(Records from a data collection)
^^^^^^^^

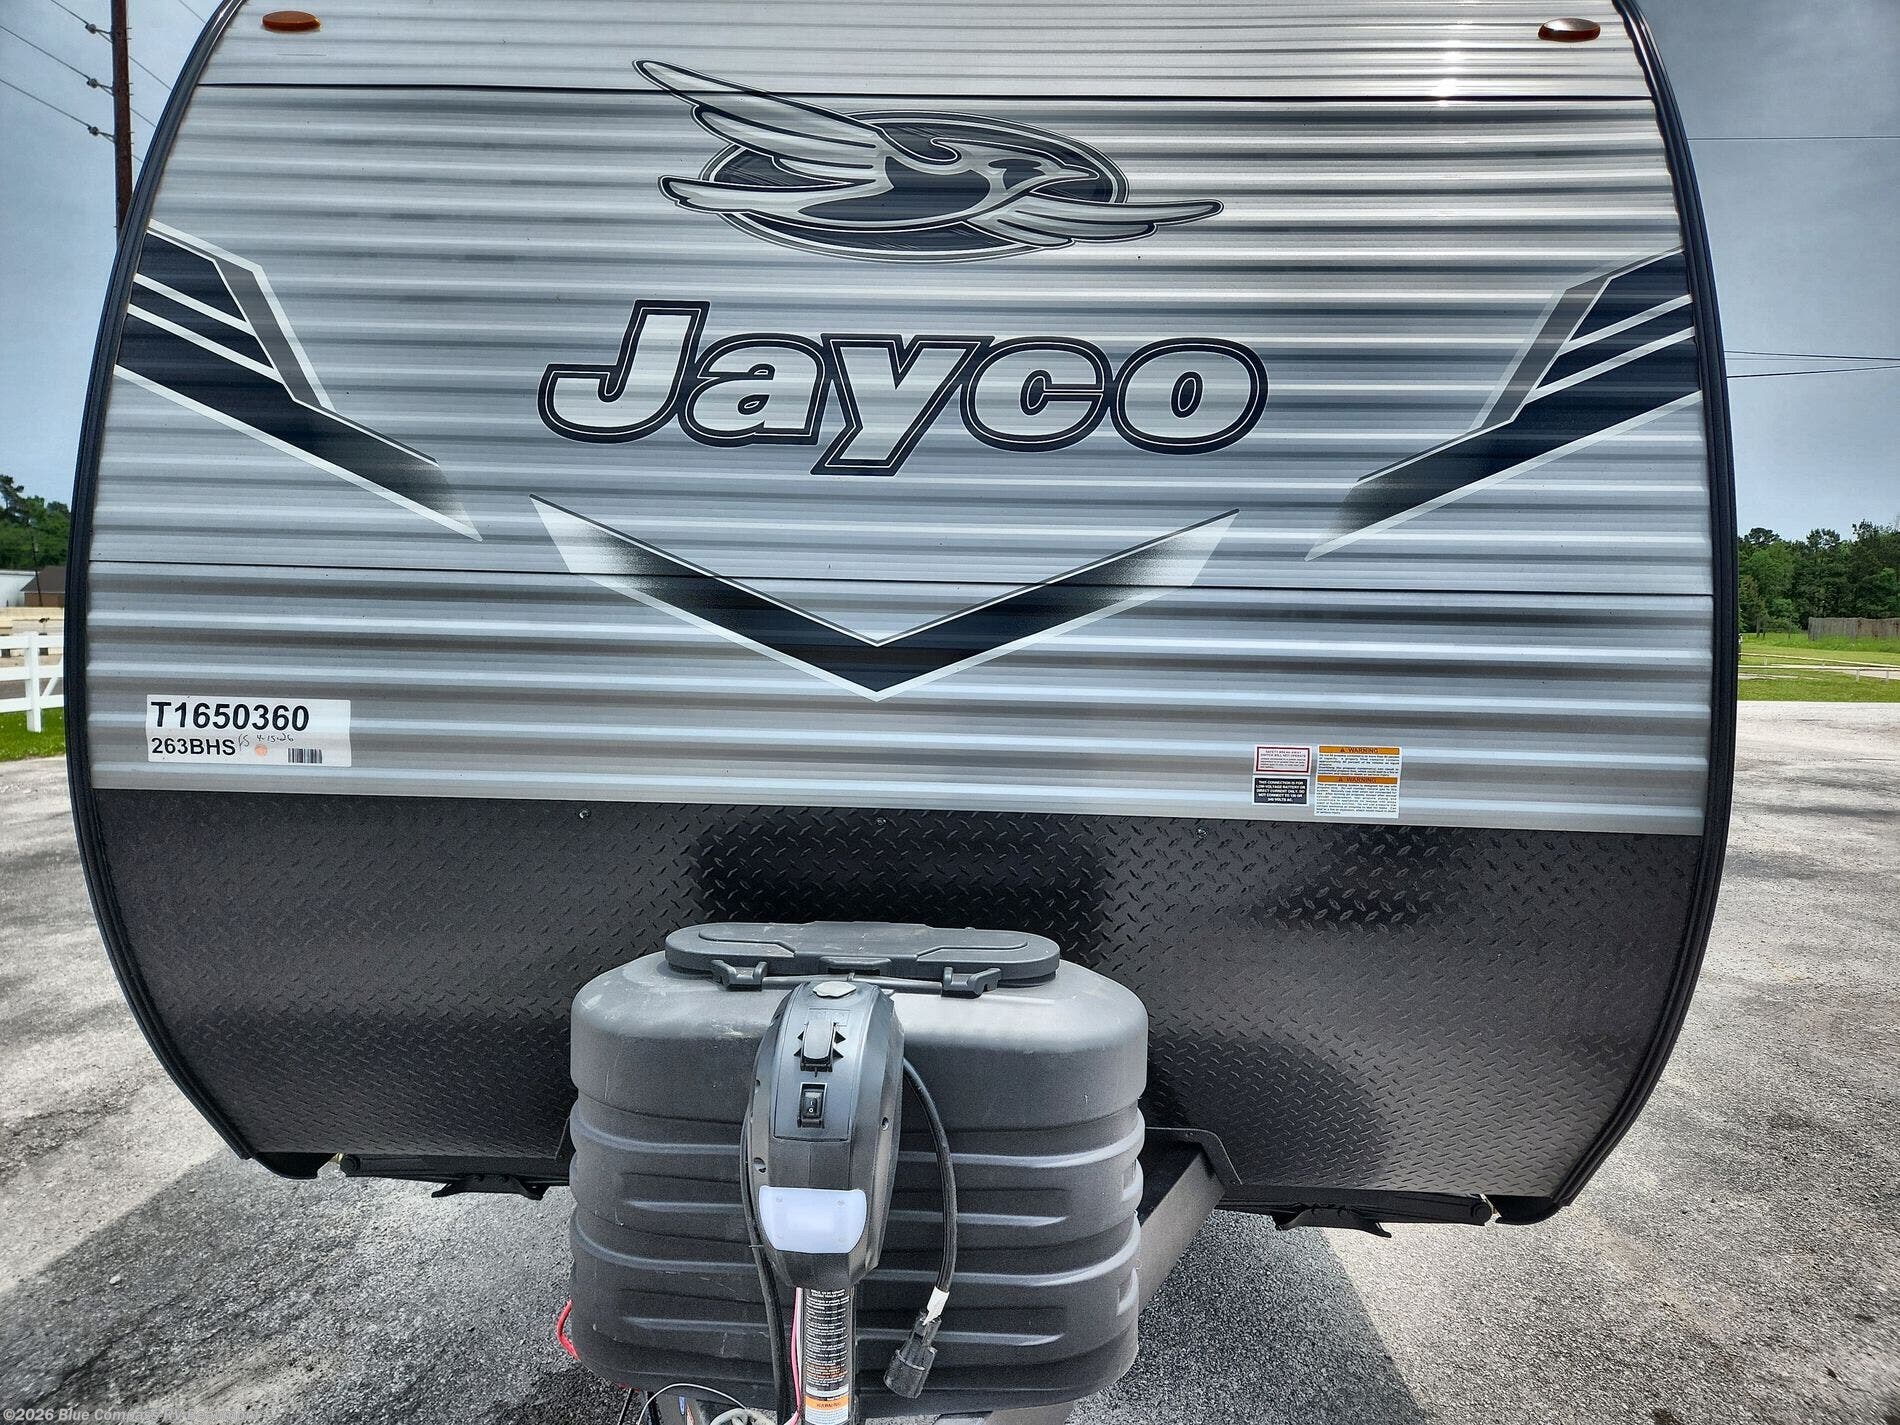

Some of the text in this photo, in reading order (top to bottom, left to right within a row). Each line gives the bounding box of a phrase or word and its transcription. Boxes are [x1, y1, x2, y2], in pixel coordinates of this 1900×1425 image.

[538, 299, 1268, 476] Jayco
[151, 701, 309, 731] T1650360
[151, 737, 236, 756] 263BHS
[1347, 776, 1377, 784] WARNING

^^^^^^^^

-- What you should do --
All of the data should be returned word for word, with each picture left out.

-- Solution to this task --
Some of the text in this photo, in reading order (top to bottom, left to right within a row). Each line gives the bounding box of a phrase or word and its transcription. Boxes are [x1, y1, x2, y2], in pixel coordinates of this 1900×1425 image.

[538, 299, 1268, 476] Jayco
[151, 701, 309, 731] T1650360
[151, 737, 236, 756] 263BHS
[1347, 776, 1377, 784] WARNING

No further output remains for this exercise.